The dental examination revealed that she was caries free with a Class I skeletal and dental pattern with minimal inter dental spacing and a
clinical overbite of 80% and an overjet of 1.0 millimeter. There was some slight constriction of the maxilla and she had no dental crossbite
or mandibular functional shifts. She had no caries and very good oral hygiene.
The mandibular right primary second molar was isolated with cotton rolls and the occlusal surface of the tooth was roughened with a high
speed #330 bur and the grooves were accentuated prior to being cleaned with a pointed bristle brush prophy angle and pumice. The occlusal surface
was dried with air and etched with 37% phosphoric acid gel for 30 seconds. The acid etch gel was rinsed off the tooth, which was allowed to remain
damp, and adhesive was brushed onto the occlussal surface and the excess was blown off with a short blast of air. The adhesive was light cured
with an ultraviolet light for 30 seconds. A posterior resin restorative material was pressed on the occlusal surface of the tooth creating a flat
restoration, which was about the level of the cusp tips. The resin was then checked clinically with the patient closed to a new vertical dimension.
Acrylic was then added again in layers until the patient had a 10% clinical overbite. The procedure was then repeated on the left mandibular
primary second molar. The behavior was very cooperative for this painless procedure.
At six months
following the resin buildups of the primary molars, the patient has had no ear infections.
This same procedure has been done on other similar
patients with very comparable results and the patient and parents have been extremely pleased. All patients treated have been ages two years,
six months to six years, four months.
Otitis media in infants and children is a very common infection, which is of great concern to parents and physicians. The two most popular
methods of treatment to date are placing the patient on a regimen of antibiotic therapy for a long or short term or performing myringotomies.
Both methods of treatment have a good success rate, but are not one hundred percent effective. Physicians are quite concerned because some patient
populations are becoming resistant to current antibiotic regimens. Therefore, new and stronger antibiotics are needed to treat these patients
who experience chronic otitis media episodes. Some parents as well as physicians are reluctant to have myringotomies performed because of the
need for general anesthetic for the procedure to be completed.
This proposed method of treatment could avoid long term antibiotic therapy and a
need for a general anesthetic and surgery.
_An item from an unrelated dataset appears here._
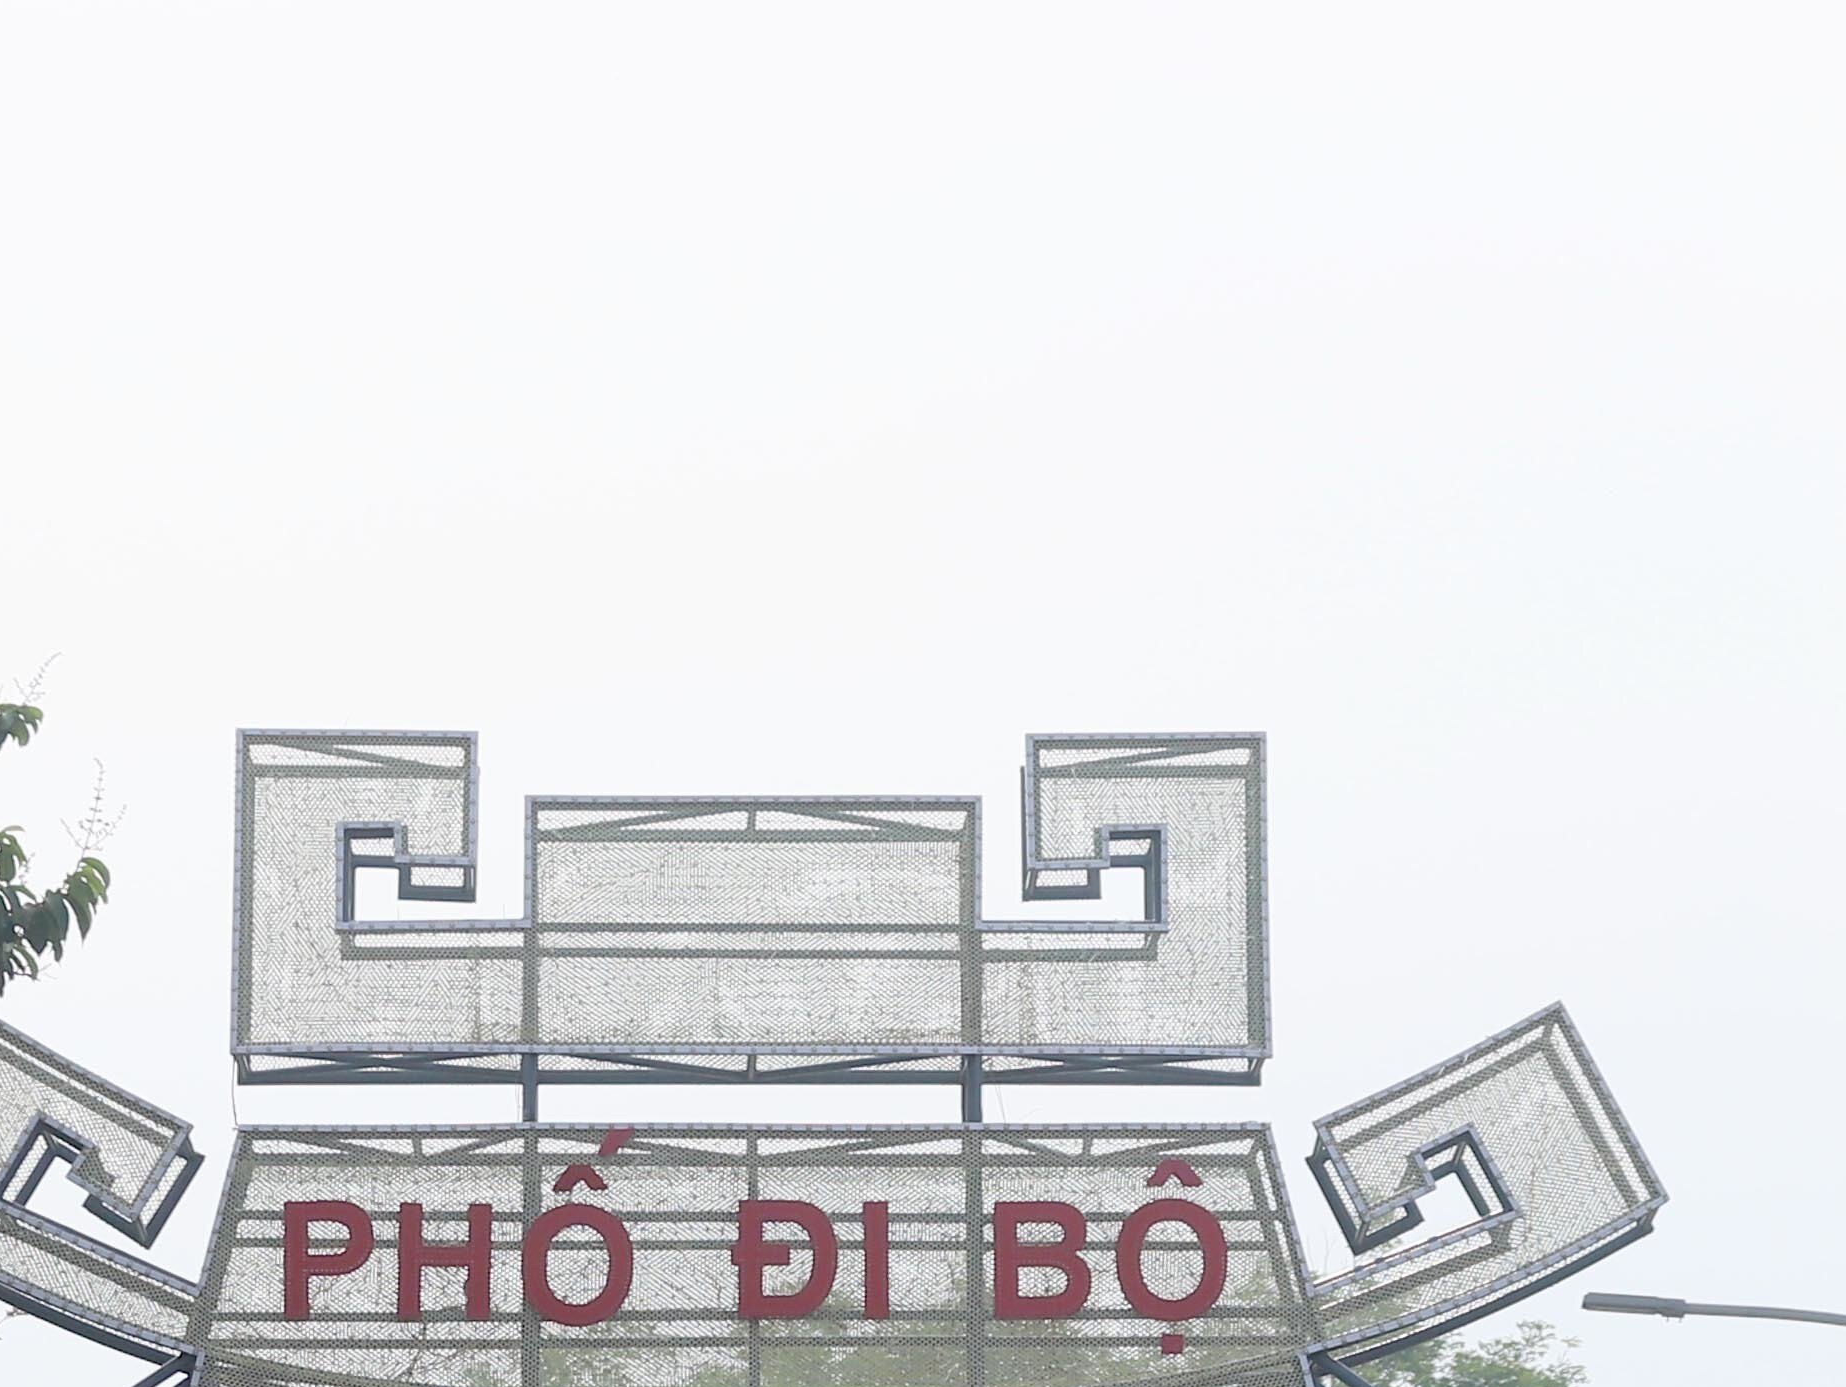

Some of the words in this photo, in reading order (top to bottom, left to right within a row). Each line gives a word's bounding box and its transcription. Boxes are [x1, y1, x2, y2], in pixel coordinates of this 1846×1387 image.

[282, 1127, 634, 1328] PHỐ
[732, 1200, 889, 1322] ĐI
[993, 1158, 1228, 1355] BỘ
This dental procedure does require a certain degree of cooperation from the patient, who must sit still
for at least five to eight minutes. The cooperation level is easily increased by administering nitrous oxide and/or giving the patient a very
safe level or oral sedation. The most positive aspect of this procedure is that it is painless and does not require local anesthetic, which is
also a postoperative concern in these very young children. To date, this procedure has been completed on children, who already had myringotomies
performed and continue to have ear pain, or in children whose parents refused myringotomies. Parents have also been agreeable to this procedure,
because it is safer, easier, and less costly than long term antibiotics or outpatient surgery.
Posterior acrylic resin bounded to the occlusal surfaces of mandibular second primary molars was found to be an effective method to
disclude the primary dentition and reduce or eliminate otitis media in young children between the ages of two to six years of age. The exact
relationship between dental occlusion and otitis media has not yet been established and further research is needed in this area. This proposed
dental procedure is a safe, easy, and a cost effective alternative to long term antibiotic therapy and myringotomies.